Fuente: Javier Lacort (Xataka).
De Wordle podemos decir que esconde una historia de amor, que resulta adictivo por su simplicidad o que parte de su magia está en cómo unos simples emojis cuentan una historia, pero quizás la mejor de sus intrahistorias sea la de una reconciliación con el Internet que dominaba hace veinte años y que hoy apenas existe.
Fui un niño prematuro en Internet, de esos un poco repelentes que presumían de haber creado una web a los doce años y que pasaban la tarde en el Messenger hablando con los otros tres niños del curso que también tenían Internet en casa y ganas de utilizarlo. Situémonos: año 2002.
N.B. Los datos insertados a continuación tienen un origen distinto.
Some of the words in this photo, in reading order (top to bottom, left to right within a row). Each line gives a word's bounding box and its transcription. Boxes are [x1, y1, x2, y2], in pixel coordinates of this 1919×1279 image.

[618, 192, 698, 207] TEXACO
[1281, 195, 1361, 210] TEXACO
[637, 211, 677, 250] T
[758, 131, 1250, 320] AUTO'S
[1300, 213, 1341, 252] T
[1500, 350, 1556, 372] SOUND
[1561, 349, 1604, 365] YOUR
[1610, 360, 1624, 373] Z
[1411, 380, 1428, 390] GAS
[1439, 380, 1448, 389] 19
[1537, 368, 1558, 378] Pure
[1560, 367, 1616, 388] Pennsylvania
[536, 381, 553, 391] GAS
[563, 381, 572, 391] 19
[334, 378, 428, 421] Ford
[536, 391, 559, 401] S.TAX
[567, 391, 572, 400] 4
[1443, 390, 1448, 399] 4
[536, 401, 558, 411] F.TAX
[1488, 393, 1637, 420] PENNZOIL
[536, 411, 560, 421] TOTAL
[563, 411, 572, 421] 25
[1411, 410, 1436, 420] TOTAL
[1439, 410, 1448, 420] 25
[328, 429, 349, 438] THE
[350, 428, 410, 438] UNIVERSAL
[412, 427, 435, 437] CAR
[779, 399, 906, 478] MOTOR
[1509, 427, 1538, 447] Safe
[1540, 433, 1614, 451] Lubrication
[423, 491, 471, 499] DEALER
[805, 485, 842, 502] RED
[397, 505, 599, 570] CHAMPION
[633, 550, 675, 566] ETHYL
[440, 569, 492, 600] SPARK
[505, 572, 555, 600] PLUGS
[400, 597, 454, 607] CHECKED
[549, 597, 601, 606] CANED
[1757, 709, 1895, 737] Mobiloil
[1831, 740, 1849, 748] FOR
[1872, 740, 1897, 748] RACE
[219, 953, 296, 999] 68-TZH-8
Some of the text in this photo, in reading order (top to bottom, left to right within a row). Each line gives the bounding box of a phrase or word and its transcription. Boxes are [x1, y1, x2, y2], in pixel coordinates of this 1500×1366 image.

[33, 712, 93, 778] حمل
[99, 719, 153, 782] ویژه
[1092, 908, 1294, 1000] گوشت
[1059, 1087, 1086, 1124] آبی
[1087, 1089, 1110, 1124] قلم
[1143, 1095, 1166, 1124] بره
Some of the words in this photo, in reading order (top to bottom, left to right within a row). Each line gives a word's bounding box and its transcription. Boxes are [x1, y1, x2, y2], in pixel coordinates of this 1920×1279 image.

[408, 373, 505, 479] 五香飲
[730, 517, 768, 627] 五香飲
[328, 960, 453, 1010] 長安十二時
En esa época lo común era el Internet indie, de webs lanzadas por desarrolladores independientes o empresas pequeñas, de escala nacional. Y sobre todo, mucha inocencia, la de quien descubre un juguete de construcción lleno de posibilidades y simplemente le apetece crear.
El tiempo pasó, los fantasmas de la burbuja puntocom quedaron atrás, y las empresas volvieron a invertir con decisión en el online. Llegó Google, llegaron las redes sociales, las tecnológicas se hicieron gigantes y todo cambió. Internet pasó a estar compartimentado, a ser terreno de grandes empresas propuestas a engancharnos y hacernos adictos, a procurar que pasáramos cuanto más tiempo mejor dentro de sus corrales. Corrales con banners, cookies que registran nuestras filias y fobias más íntimas y botones para hacernos premium. Porque si algo ha cambiado es que antes todo era cutre y éramos felices, ahora todo es premium y…
Un encantador anacronismo
Daniel Rodríguez, el creador de Wordle en español, lo dijo bien claro: «Ninguna empresa de hoy en día lanzaría un juego así, que evita engancharte». Esa es la magia de Wordle, su propósito de impactarnos de forma limitada. Nada impide a sus creadores llenarlo de banners, permitir partidas ilimitadas, crear rankings mundiales y activar una suscripción que permita un cierto número de pistas al mes y una insignia junto a nuestro nick. Pero ni siquiera hace falta un registro.
Este espíritu —felizmente respetado por Daniel— me lleva a pensar en lo que podría ser Internet de no ser por lo que acabó siendo, fruto de aspiraciones económicas y de vanidad. En Wordle, extrañamente, no nos sentimos como mercancía que retener y explotar. No nos pide nada a cambio.
En cierta forma recuerda a Fotolog, que tenía una mecánica que hoy suena anacrónica: solo podías subir una foto al día, y la arquitectura interna inducía a desarrollar un texto. Luego llegó Tuenti y pasamos a no poder subir menos de cien fotos cada domingo por la mañana, sin filtro alguno, pero ese es otro tema. ¿Alguien se imagina no poder compartir más de una story diaria en Instagram? Mecánicas que van en contra del mercado y una lucha por sacudirse el polvo de la nostalgia.
La historia de Wordle ha continuado con lo que uno esperaría en 2022. Un tipo creó una copia para llevarla a la App Store sin pedir permiso a nadie, la monetizó con suscripciones de treinta dólares anuales y solo cuando saltó la liebre propuso opciones al desarrollador original, todas destinadas a contentarle con dinero. Cuando este se negó, siguió su camino sin más hasta que Apple retiró la aplicación de la tienda. Una dinámica que podría resumirse en «muévete rápido y rompe cosas«. ¿A quién nos recuerda?